INFORMATION SUPPLIED –
[Start of section]

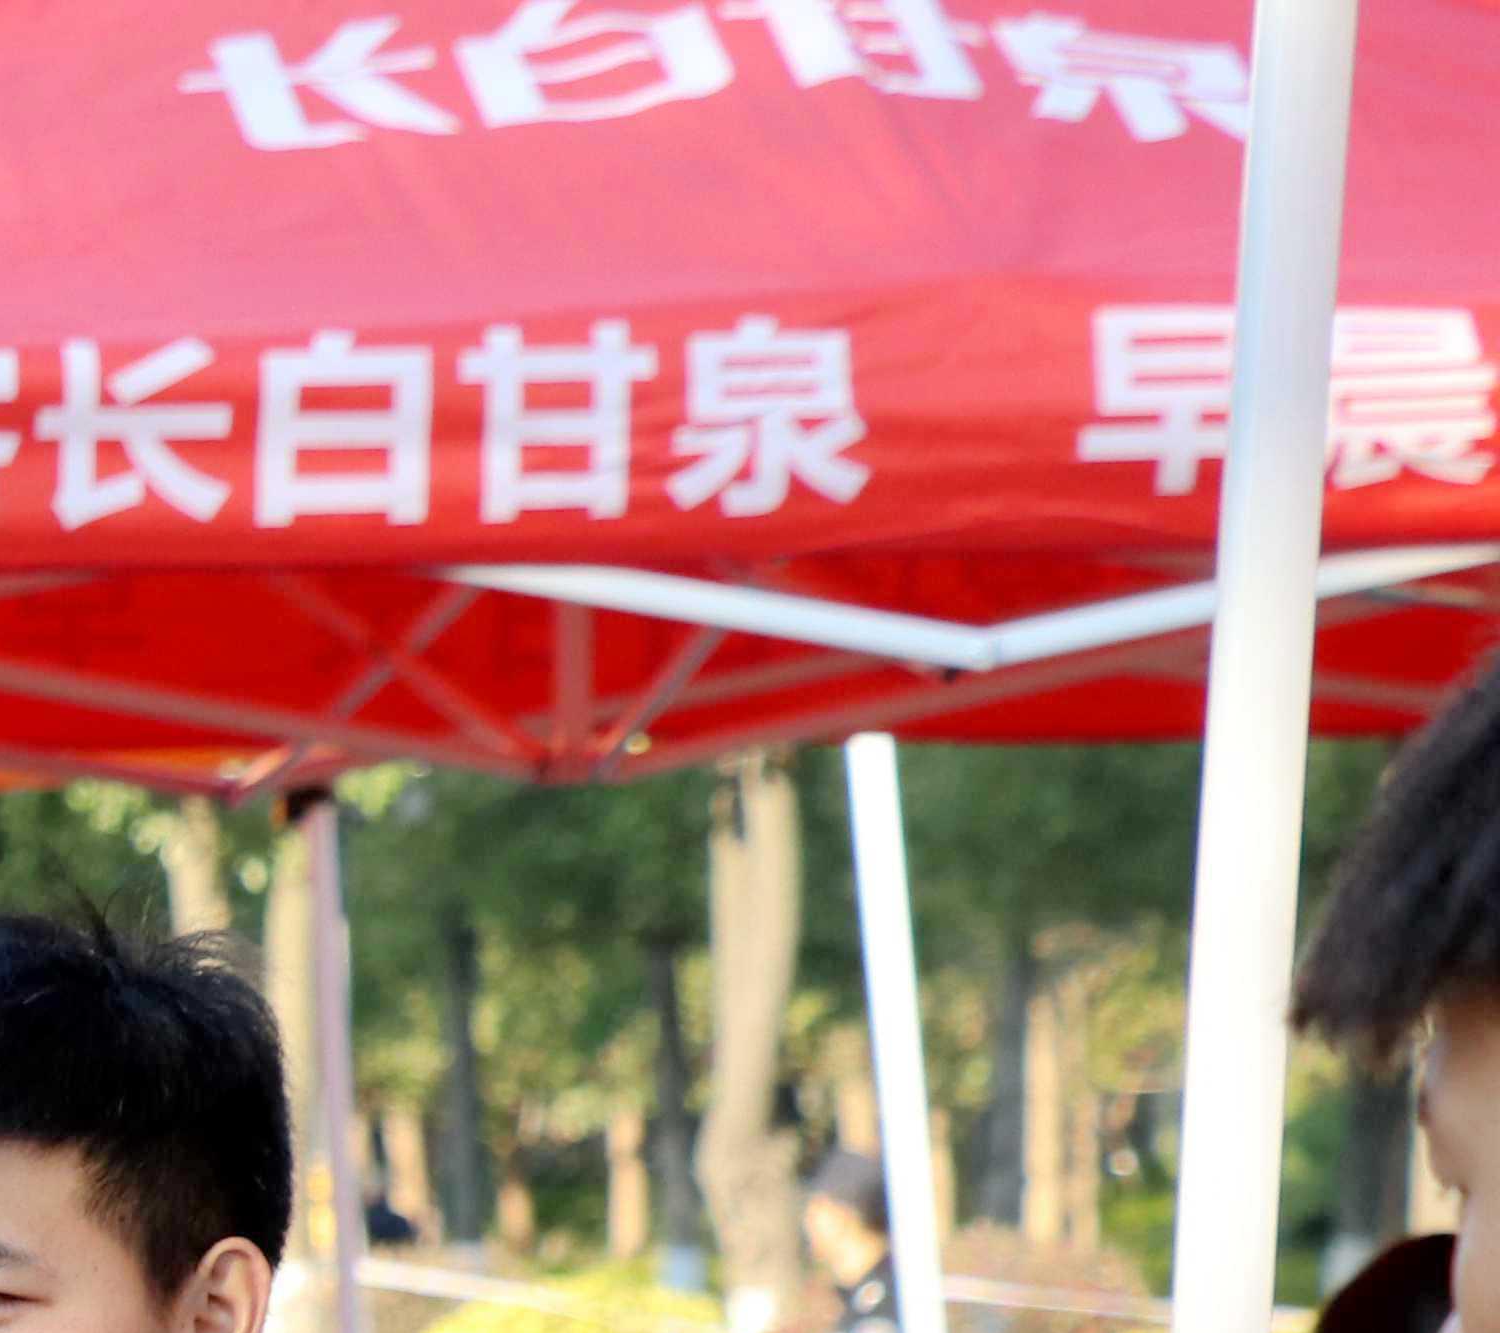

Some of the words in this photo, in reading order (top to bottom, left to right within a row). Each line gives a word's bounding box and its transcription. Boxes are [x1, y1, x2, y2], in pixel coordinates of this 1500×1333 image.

[178, 0, 1252, 150] 长白甘泉
[1076, 305, 1498, 496] 早晨
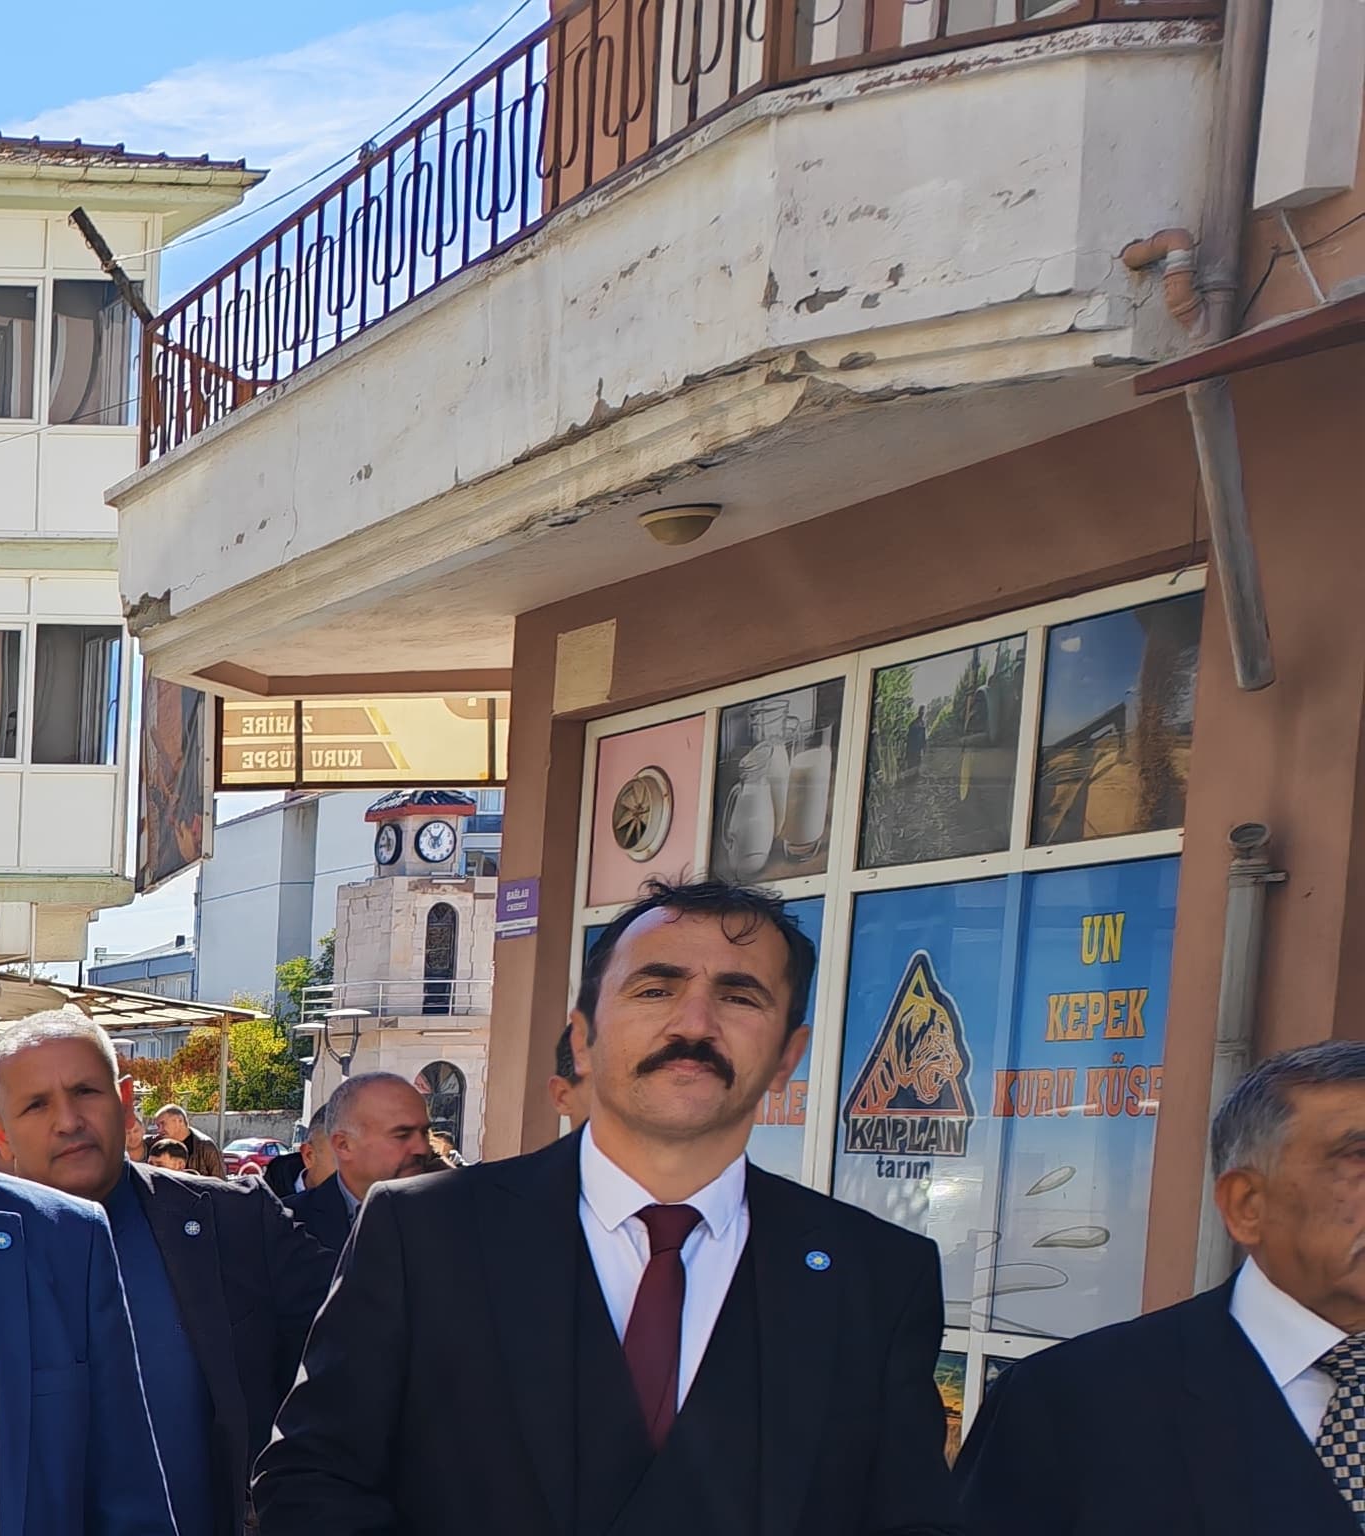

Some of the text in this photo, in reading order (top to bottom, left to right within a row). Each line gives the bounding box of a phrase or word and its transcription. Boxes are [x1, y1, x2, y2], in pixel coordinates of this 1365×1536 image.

[1080, 912, 1126, 965] UN
[1044, 988, 1149, 1042] KEPEK
[992, 1066, 1078, 1118] KURU
[846, 1116, 967, 1155] KAPLAN
[876, 1155, 931, 1179] tarım

[End of section]

EXERCISE DIRECTIONS – Write the records above out again word for word, skipping each picture.

YOUR RESPONSE –
Some of the words in this photo, in reading order (top to bottom, left to right within a row). Each line gives a word's bounding box and its transcription. Boxes are [x1, y1, x2, y2], in pixel coordinates of this 1500×1333 image.

[178, 0, 1252, 150] 长白甘泉
[1076, 305, 1498, 496] 早晨

Some of the text in this photo, in reading order (top to bottom, left to right within a row). Each line gives the bounding box of a phrase or word and its transcription. Boxes are [x1, y1, x2, y2], in pixel coordinates of this 1365×1536 image.

[1080, 912, 1126, 965] UN
[1044, 988, 1149, 1042] KEPEK
[992, 1066, 1078, 1118] KURU
[846, 1116, 967, 1155] KAPLAN
[876, 1155, 931, 1179] tarım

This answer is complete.